【公開日:2023.07.31】【最終更新日:2023.04.19】
課題データ / Project Data
課題番号 / Project Issue Number
22MS1029
利用課題名 / Title
有機分子の自己組織化に基づく新規有機・無機ハイブリッドナノ構造の構築3
利用した実施機関 / Support Institute
自然科学研究機構 分子科学研究所 / IMS
機関外・機関内の利用 / External or Internal Use
外部利用/External Use
技術領域 / Technology Area
【横断技術領域 / Cross-Technology Area】(主 / Main)物質・材料合成プロセス/Molecule & Material Synthesis(副 / Sub)計測・分析/Advanced Characterization
【重要技術領域 / Important Technology Area】(主 / Main)マテリアルの高度循環のための技術/Advanced materials recycling technologies(副 / Sub)高度なデバイス機能の発現を可能とするマテリアル/Materials allowing high-level device functions to be performed
キーワード / Keywords
量子ドット、ペロブスカイト、ナノ材料
利用者と利用形態 / User and Support Type
利用者名(課題申請者)/ User Name (Project Applicant)
増尾 貞弘
所属名 / Affiliation
関西学院大学生命環境学部環境応用化学科
共同利用者氏名 / Names of Collaborators in Other Institutes Than Hub and Spoke Institutes
山内 光陽,久保 直輝
ARIM実施機関支援担当者 / Names of Collaborators in The Hub and Spoke Institutes
利用形態 / Support Type
(主 / Main)機器利用/Equipment Utilization(副 / Sub)-
利用した主な設備 / Equipment Used in This Project
報告書データ / Report
概要(目的・用途・実施内容)/ Abstract (Aim, Use Applications and Contents)

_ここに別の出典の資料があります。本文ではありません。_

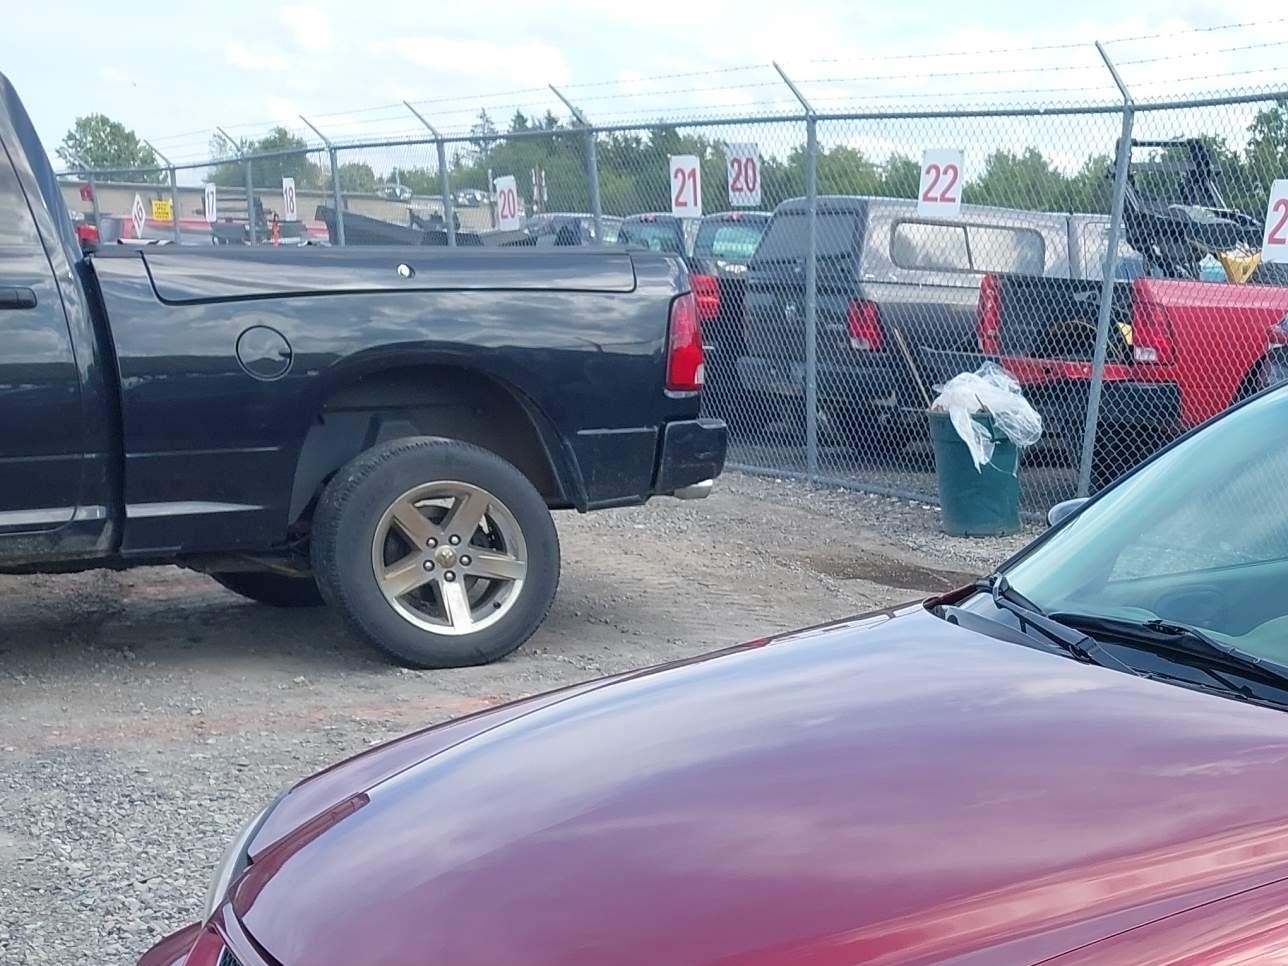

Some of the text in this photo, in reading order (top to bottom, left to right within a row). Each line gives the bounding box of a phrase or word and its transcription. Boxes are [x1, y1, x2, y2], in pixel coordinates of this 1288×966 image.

[674, 168, 698, 207] 21
[730, 158, 757, 193] 20
[921, 163, 959, 203] 22
[206, 188, 215, 217] 17
[284, 189, 295, 215] 18
[500, 188, 517, 219] 20
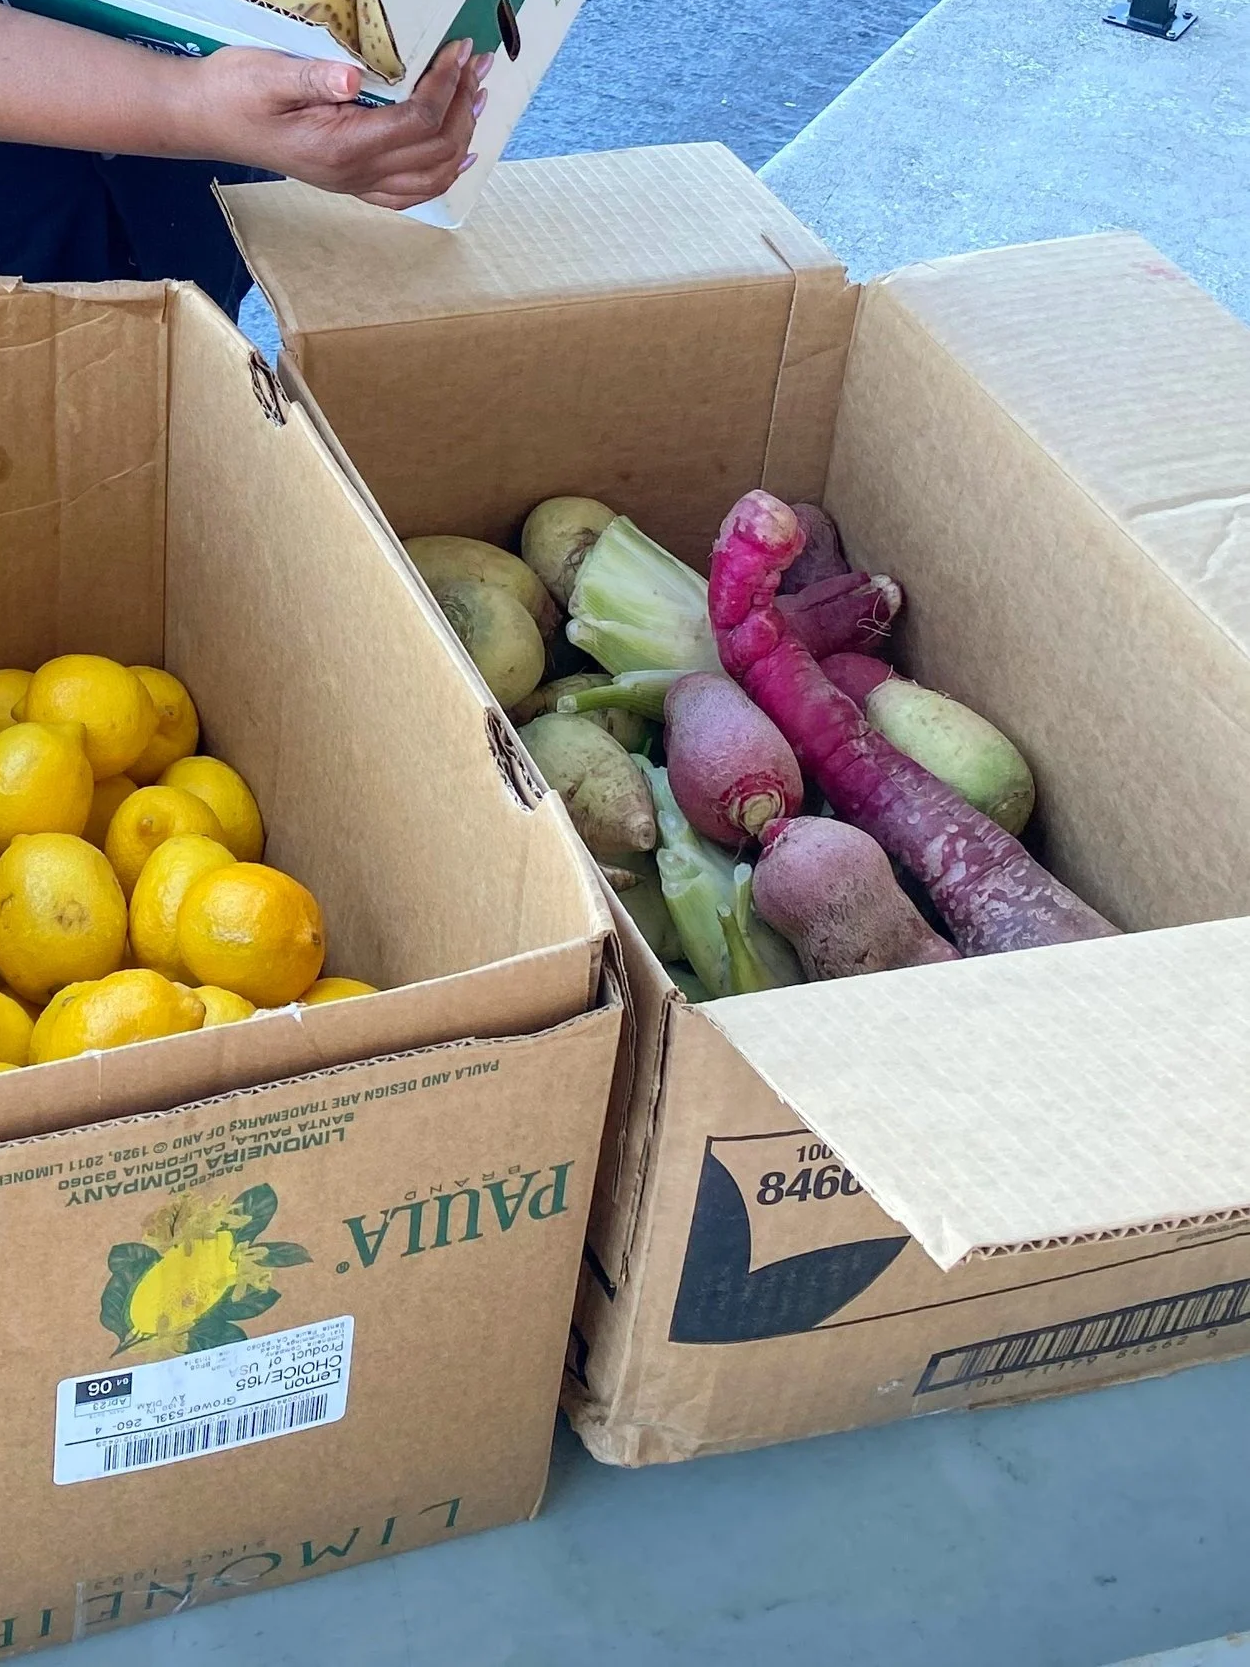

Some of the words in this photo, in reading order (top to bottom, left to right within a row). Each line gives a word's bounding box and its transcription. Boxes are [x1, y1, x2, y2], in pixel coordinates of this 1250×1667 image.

[422, 1071, 451, 1088] AND
[456, 1059, 500, 1081] PAULA
[332, 1091, 361, 1109] ARE
[365, 1078, 418, 1102] DESIGN
[229, 1098, 328, 1132] TRADEMARKS
[298, 1111, 355, 1131] SANTA
[172, 1130, 202, 1151] AND
[206, 1124, 225, 1142] OF
[206, 1126, 346, 1169] LIMONEIRA
[69, 1155, 104, 1173] 2011
[123, 1141, 226, 1177] CALIFORNIA
[58, 1169, 118, 1191] 93060
[65, 1161, 199, 1208] COMPANY
[189, 1163, 244, 1189] PACKED
[404, 1165, 521, 1201] BRAND
[268, 1356, 282, 1368] of
[292, 1340, 344, 1362] Product
[229, 1361, 259, 1378] USA
[236, 1354, 343, 1392] CHOICE/165
[284, 1367, 342, 1390] Lemon
[87, 1379, 113, 1396] 06
[92, 1396, 127, 1411] Apr23
[152, 1410, 185, 1424] 533L
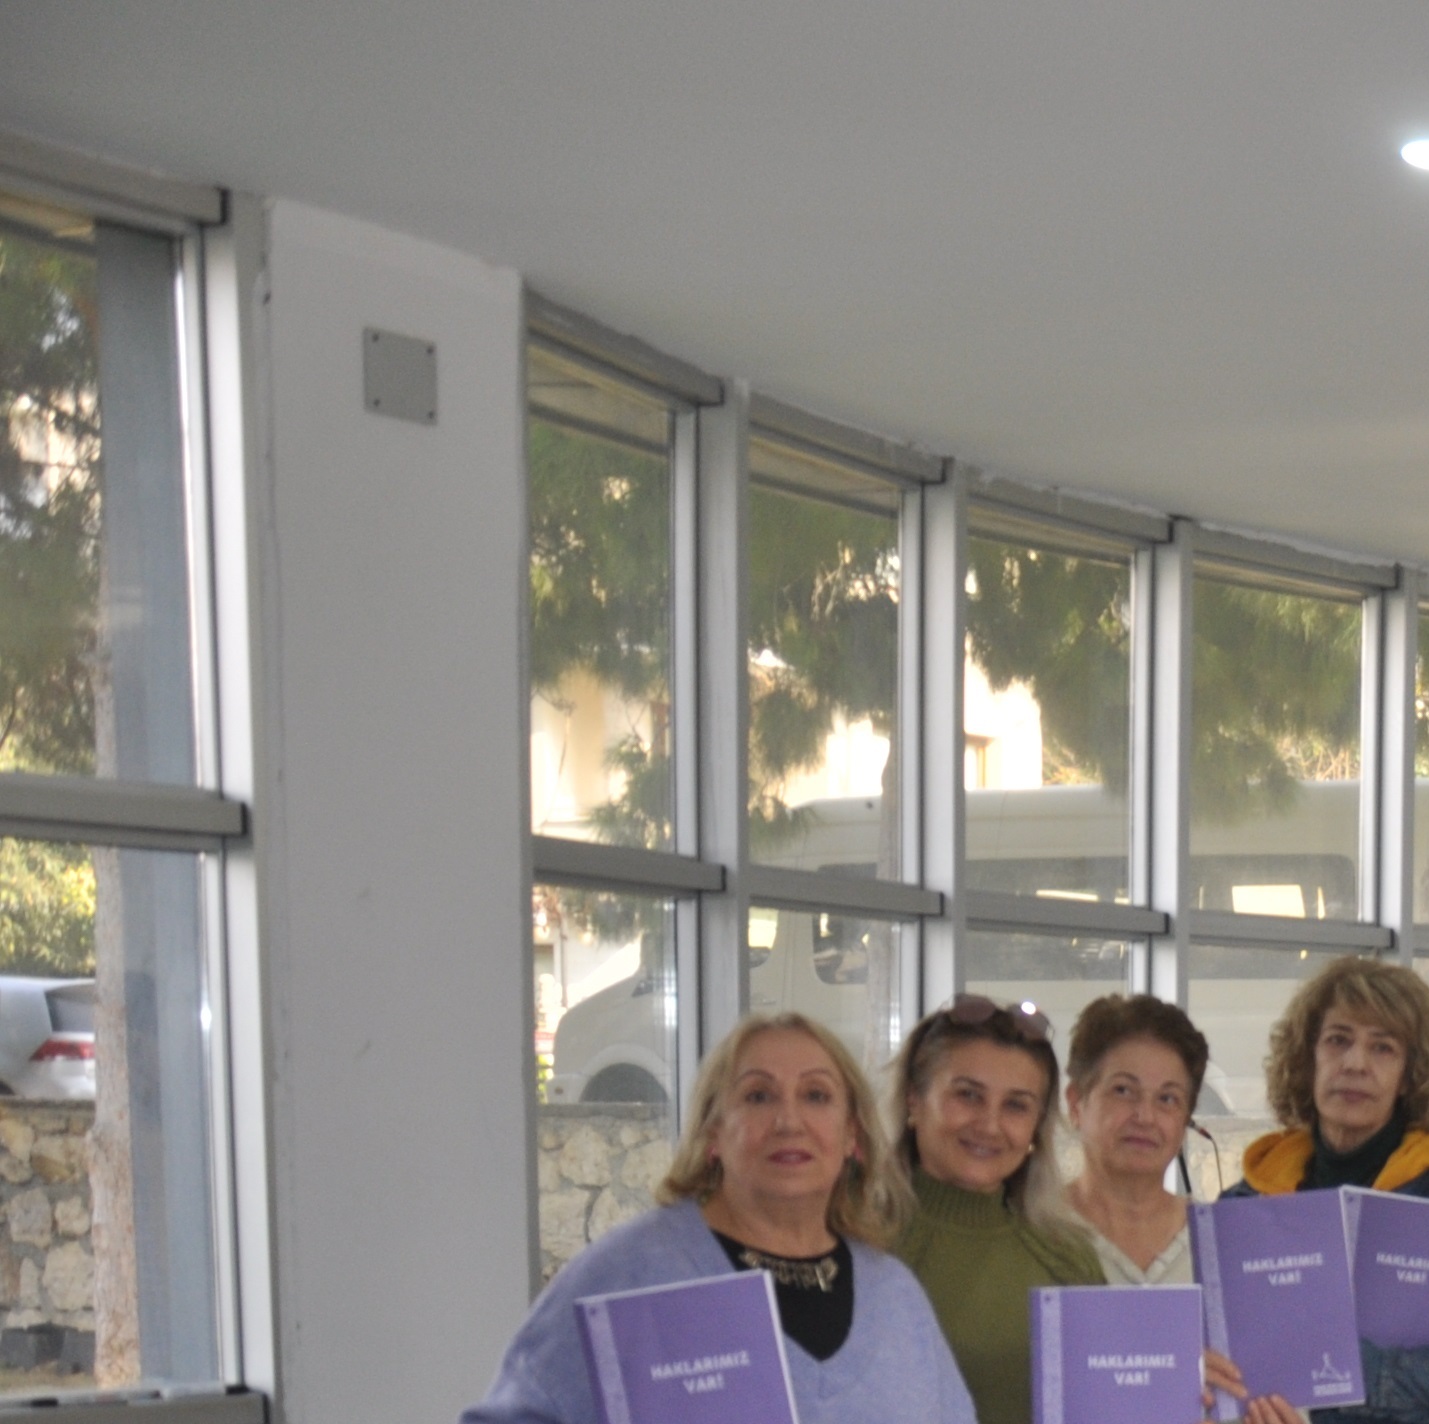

サイズが10 nm程度までの半導体ナノ結晶(CsPbBr3やCdSe)は「量子ドット」と呼ばれ、 単独で卓越した発光特性や光耐久性を示すなど、機能性ナノ材料として魅力的な物質である。さらに、複数の量子ドットが集まると、量子ドット間の相互作用が働くようになり、単独の量子ドットでは示さない新たな光物性が発現する。この優れた特性を利用することにより、既存のデバイス性能を超えた発光ダイオードや太陽電池等の発光・光電子デバイスの創出が期待されている。しかしながら、このような量子ドット間の相互作用に由来する物性は、量子ドットの分散溶液を基板上で自然乾燥させて得られた最密充填構造(超格子)においてのみ観測されている。そのため、超格子のような特異な構造以外においては、「量子ドット配列構造」と「光物性」の相関関係は明らかになっていない。量子ドット配列構造由来の光物性を明らかにするためには、配列を構築・制御する必要がある。しかしながら、量子ドットは、溶液中で高い分散性を示すため、量子ドット間の相互作用のみでは配列構造は形成し難い。これを克服するために、報告者らは最近、有機分子の自発的に集まる性質(自己集合)を量子ドットに組み込むことで、 溶液中で量子ドットを配列させることに成功してきた。このアプローチを基盤にすることで、様々な量子ドット配列構造を構築することができれば、配列構造由来の新たな光物性の解明に繋がることが期待される。そこで本研究では、有機分子の自己集合を駆使することで、量子ドットの配列構造を自在に、そして精密に制御することを目的とした。配列制御に関する本手法が確立すれば、他の金属ナノ粒子、有機ナノ結晶、ポリマー粒子の緻密な配列制御の指針になり、当該量子ドット領域のみならず分子科学領域全体に多大な波及効果をもたらすことが期待できる。
実験 / Experimental
本研究では、「量子ドットの1次元配列構造」、および「量子ドット-有機分子交互配列構造」の構築に取り組んだ。量子ドットとして、球状のCdSe量子ドット、およびキューブ状のCsPbBr3ペロブスカイトナノ結晶(PNC)を合成した。また、有機分子として、1次元ファイバー構造の形成が見込まれるコレステロール誘導体(Chol)、および3次元的な集合構造の形成が見込まれるペリレンビスイミド誘導体(PBI)を合成した。有機分子集合体は、低極性溶媒を用いた再沈法により形成させた。得られた有機分子集合体と量子ドットを混合することで、両者の共集合体溶液を作製した。これらの量子ドット、有機分子集合体、共集合体のサイズや形状・構造を、電界放出形透過型電子顕微鏡(TEM: JEOL JEM-2100F)を用いて、200kVの加速電圧で測定することにより評価した。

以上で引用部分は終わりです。